Liquid Ordered / Liquid Disordered Domains
(supported by the Austrian Science Fund, Project No. P24459-B20)
start of project: 15. 04. 2012
end of project: 31. 08. 2016
Biological membranes regulate diverse processes on the cellular level, including material transport, signal transduction and various chemical reactions. An about 4 nm thin layer of phospholipids and proteins is the central element of these membranes and there is ample evidence that lipids and proteins mutually regulate their function. Of particular interest is the organization of lipids and proteins into functional platforms, also known as rafts, to perform specific signaling or transport tasks. Sphingomyelin and cholesterol are considered to be the major lipid components of these rafts. Clearly, basic physicochemical understanding of raft properties is of need for ground-breaking developments in human health care.

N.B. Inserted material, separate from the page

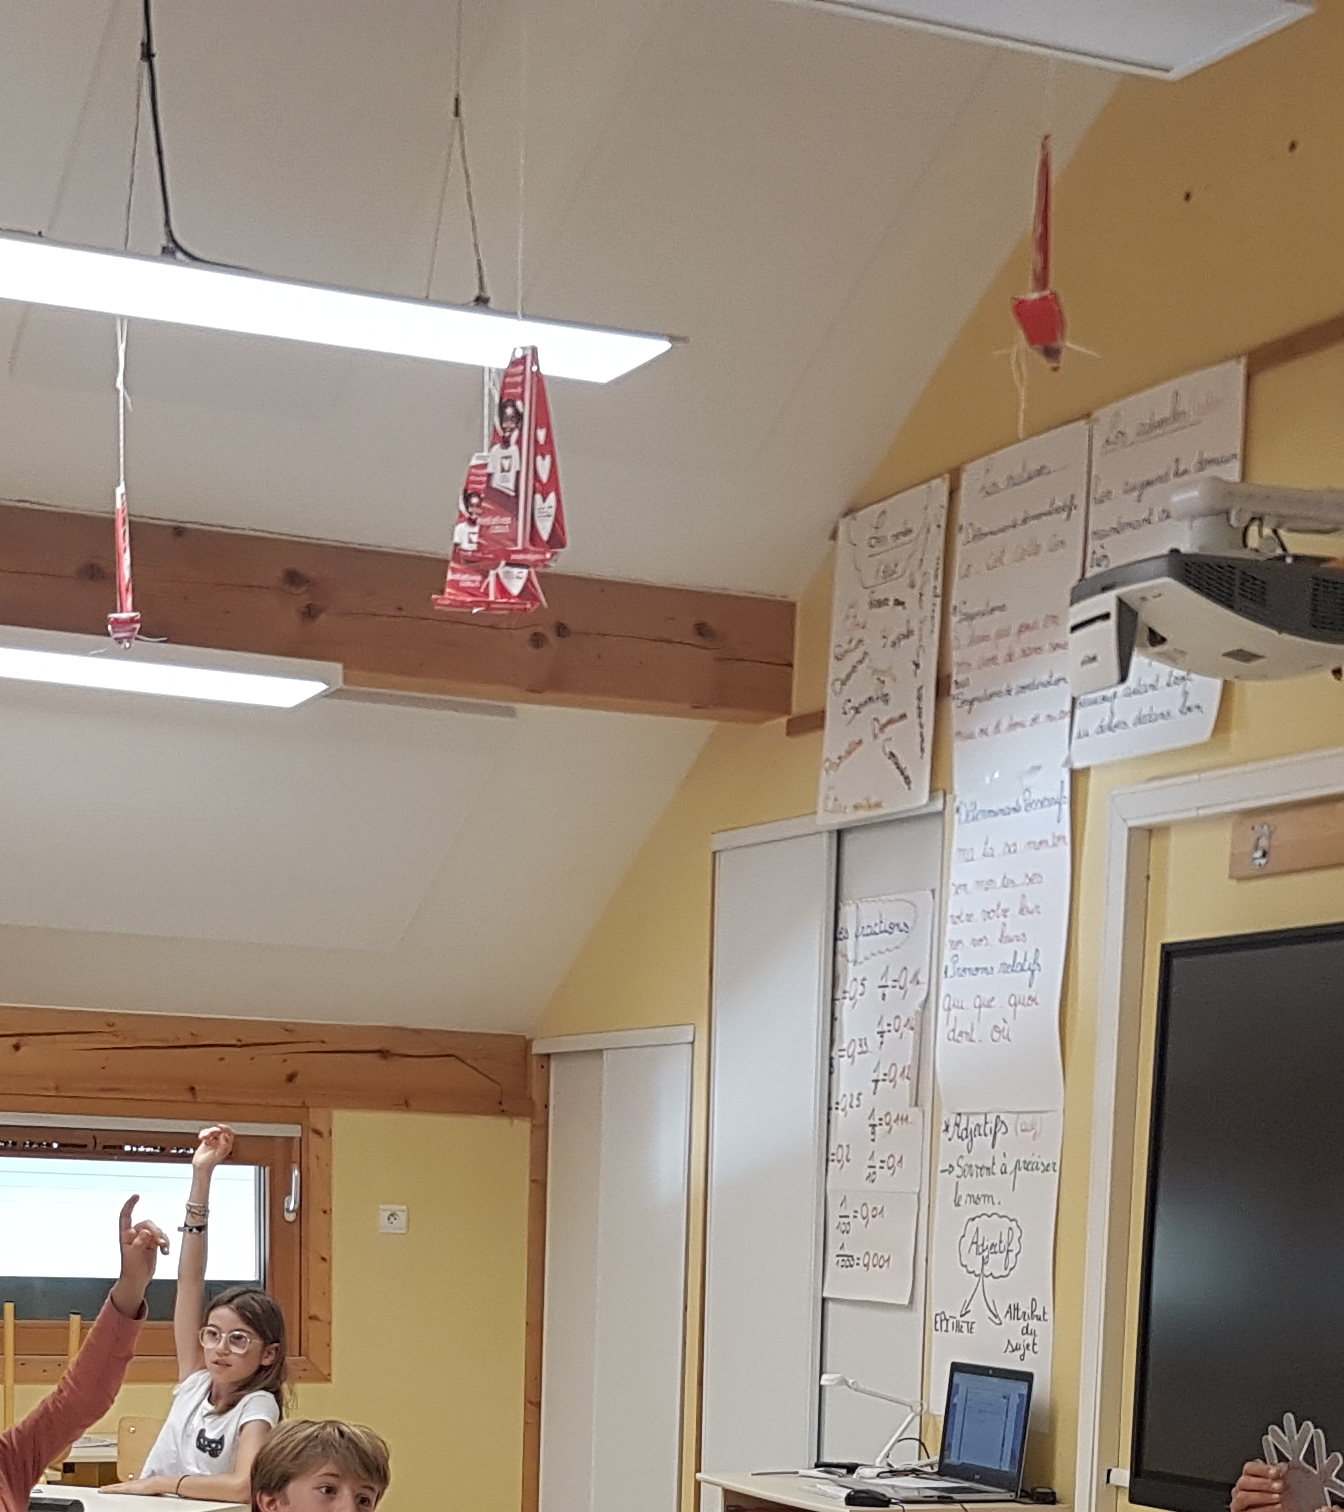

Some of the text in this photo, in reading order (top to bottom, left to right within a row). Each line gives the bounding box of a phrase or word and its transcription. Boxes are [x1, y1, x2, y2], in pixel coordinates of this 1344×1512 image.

Biophysical studies on complex mixtures of “raft lipids” can contribute significantly to such insights. These mixtures show phase separation into coexisting liquid ordered (Lo) and liquid disordered (Ld) domains. Lo domains show several features of membrane rafts, including enrichment in cholesterol and capability of glycophosphatidylinositol (GPI)-anchored proteins to insert into these lipid environments. However, the recently discovered exclusion of raft-associating transmembrane proteins (TMP) from Lo domains questions their applicability as models for membrane rafts. The aim of the project is to derive lipid-only models for membrane rafts that recover the partitioning of raft-associating TMP, thus creating improved and experimentally stringently controlled lipid-only models of membrane rafts. The goal will be achieved by deriving those structural and elastic properties of Lo and Ld domains that couple to partitioning of TMP using a broad selection of biophysical techniques. In particular, we will determine lateral packing density (area per lipid), membrane thickness, spontaneous curvature, bending rigidity and Gaussian curvature modulus for several lipid mixtures, from which we will calculate the preferential insertion of protein models into a given lipid environment. This way we will understand why TMP proteins do not partition into current lipid-only raft models and how to tune Lo phase properties such that TMP partition into these environments. We will test the optimized Lo phases by measuring the partitioning of a well-established peptide model for TMP in comparison to its behavior in raft-like structures of cell-derived vesicles. Work will be performed in collaboration with several key experts in the fields of membrane biophysics and cell biology. Our results will the basis for several follow-up applications and will thus be an important contribution to close the gap between membrane biophysics and cell biology.